After that’s said and done, you’ll be able to benefit from real-time hardware usage monitoring capabilities of your device which are available at “chrome://sys-internals.” As evidenced by the screenshots below, the system tracks CPU, zRAM, and memory consumption and presents its recent usage history with some relatively straightforward graphs. Being an experimental functionality, there are no guarantees that this feature will ever make its way to the Chrome OS stable channel, though the wording of Mr. Beaufort’s announcement does seem to indicate that rolling it out on a global level is the Chromium team’s current plan. Even if the functionality is eventually optimized for usage with a stable version of the operating system, it remains to be seen whether Google’s engineers significantly change it in the meantime. The latest addition to Chrome OS should be familiar to anyone who ever used Windows and Microsoft’s resource tracking tools, providing users with the ability to track their hardware usage in real time for any reason.
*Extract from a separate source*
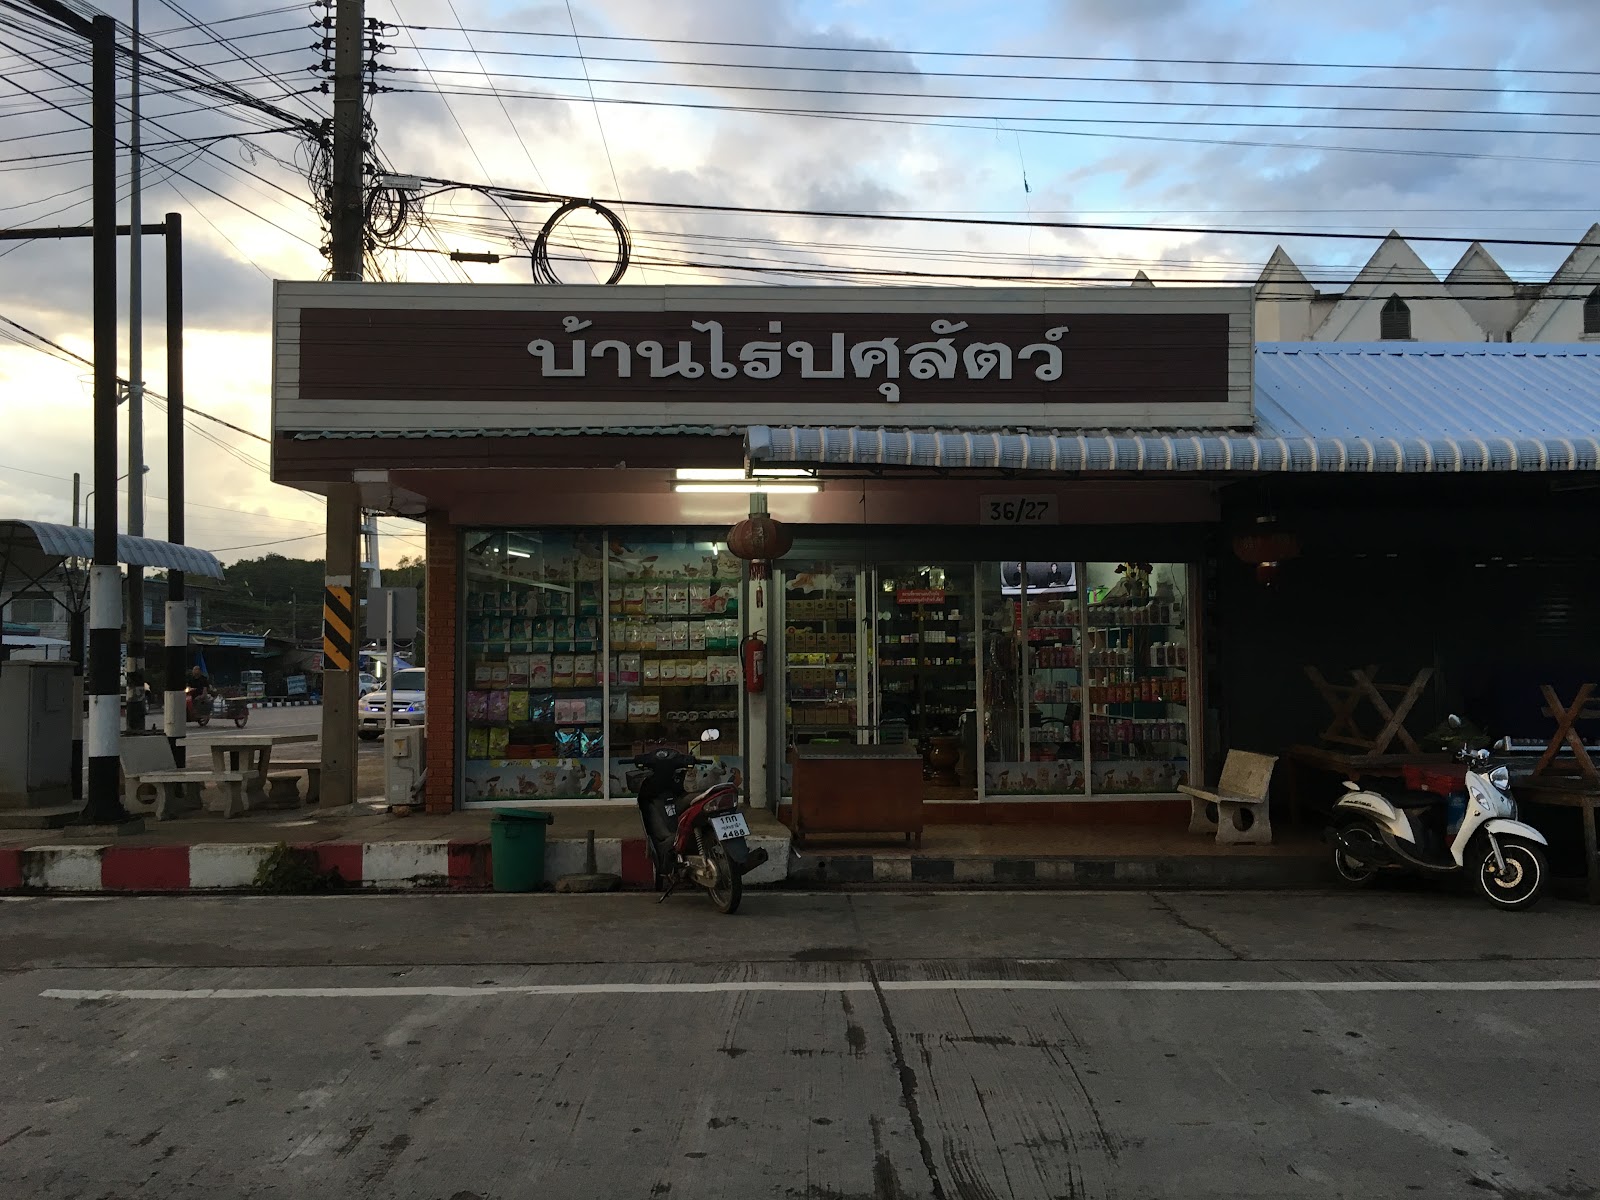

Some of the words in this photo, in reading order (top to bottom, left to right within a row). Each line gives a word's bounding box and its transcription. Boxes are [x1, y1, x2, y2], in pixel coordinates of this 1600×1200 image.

While Chrome OS continues receiving regular updates, there weren’t many major changes to the operating system over the summer, with the most recent addition being a fix for one enrollment bug. The open-source OS is expected to power a number of new devices that should be unveiled in the coming months, with at least some of them being set to feature integrated fingerprint recognition sensors, as evidenced by an update for the stable Chrome OS version which debuted last month and shipped with a dedicated fingerprint settings page.